> Provided records

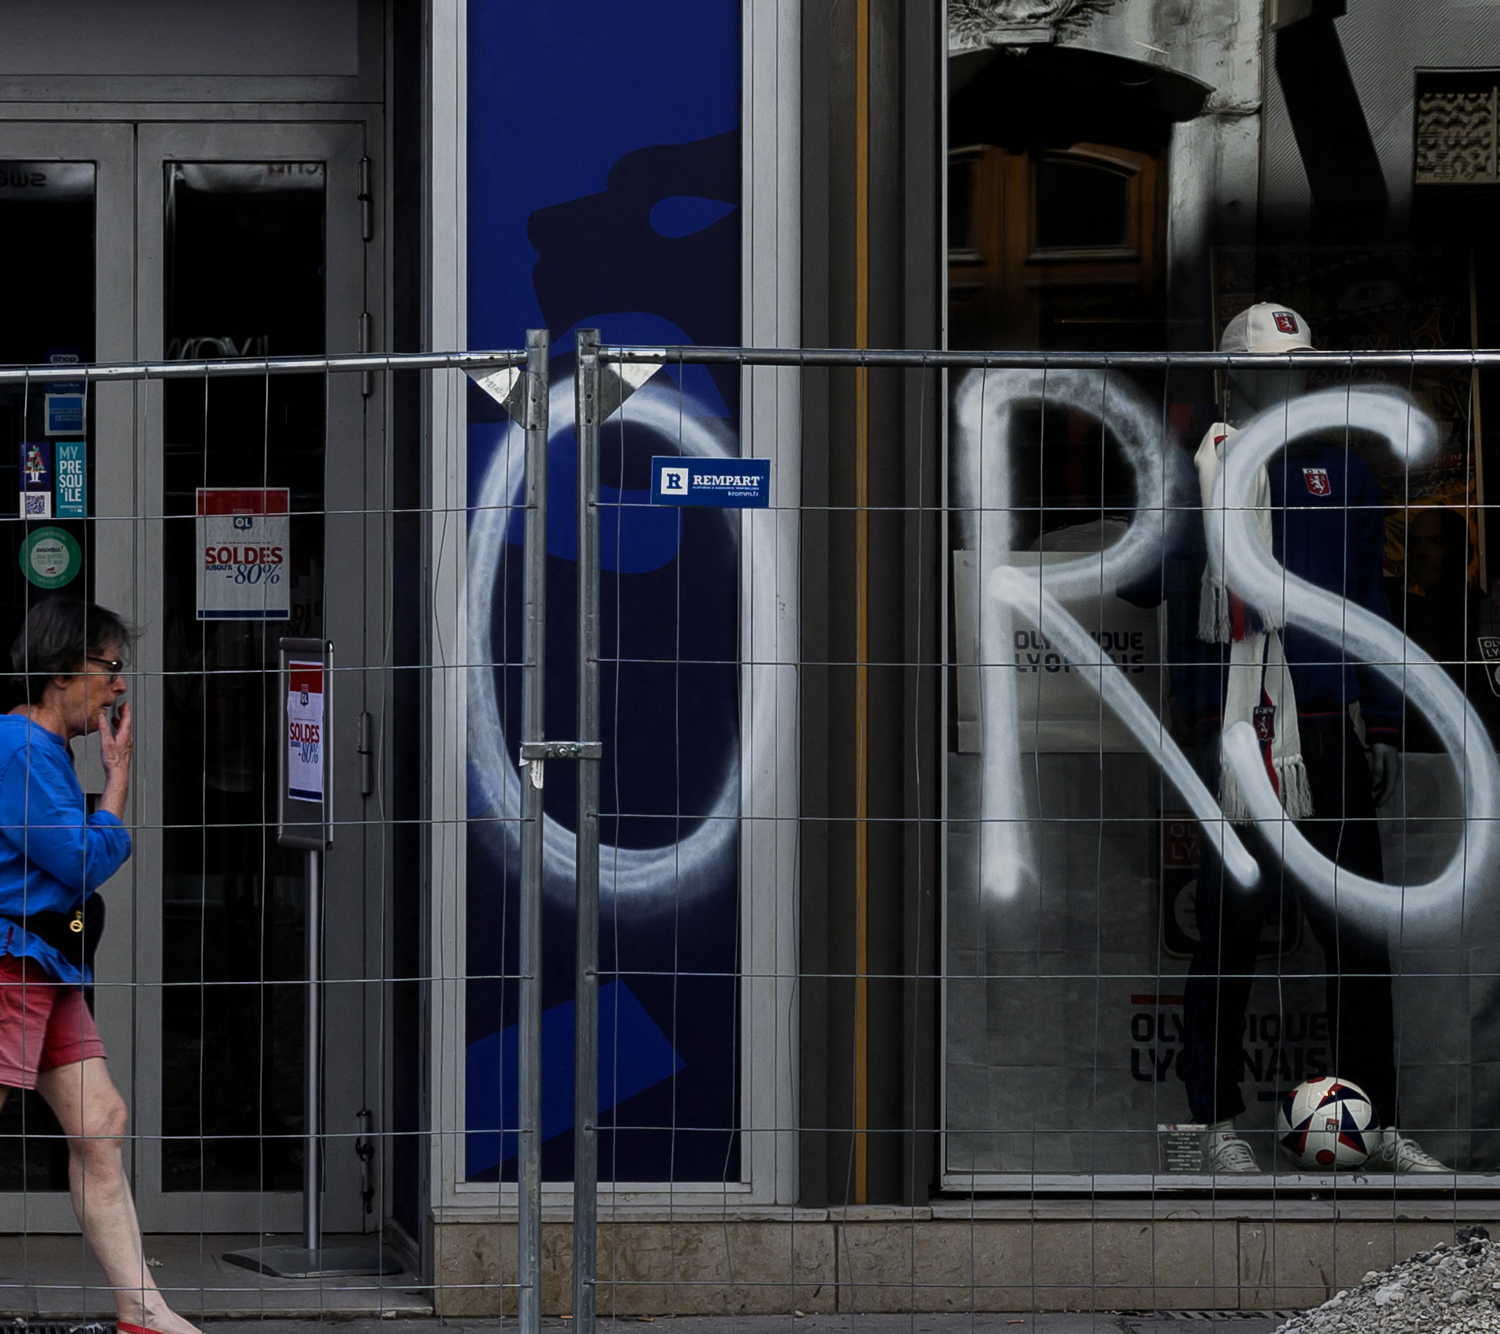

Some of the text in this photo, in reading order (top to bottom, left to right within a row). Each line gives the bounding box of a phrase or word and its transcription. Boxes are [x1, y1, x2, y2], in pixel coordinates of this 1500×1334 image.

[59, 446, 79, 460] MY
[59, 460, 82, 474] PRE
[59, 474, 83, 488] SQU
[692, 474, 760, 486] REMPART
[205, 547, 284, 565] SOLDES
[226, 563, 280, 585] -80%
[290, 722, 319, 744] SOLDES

> Task objective
Each line of the data should be quoted exactly, with pictures left out.

> Written answer
Some of the text in this photo, in reading order (top to bottom, left to right within a row). Each line gives the bounding box of a phrase or word and its transcription. Boxes are [x1, y1, x2, y2], in pixel coordinates of this 1500×1334 image.

[59, 446, 79, 460] MY
[59, 460, 82, 474] PRE
[59, 474, 83, 488] SQU
[692, 474, 760, 486] REMPART
[205, 547, 284, 565] SOLDES
[226, 563, 280, 585] -80%
[290, 722, 319, 744] SOLDES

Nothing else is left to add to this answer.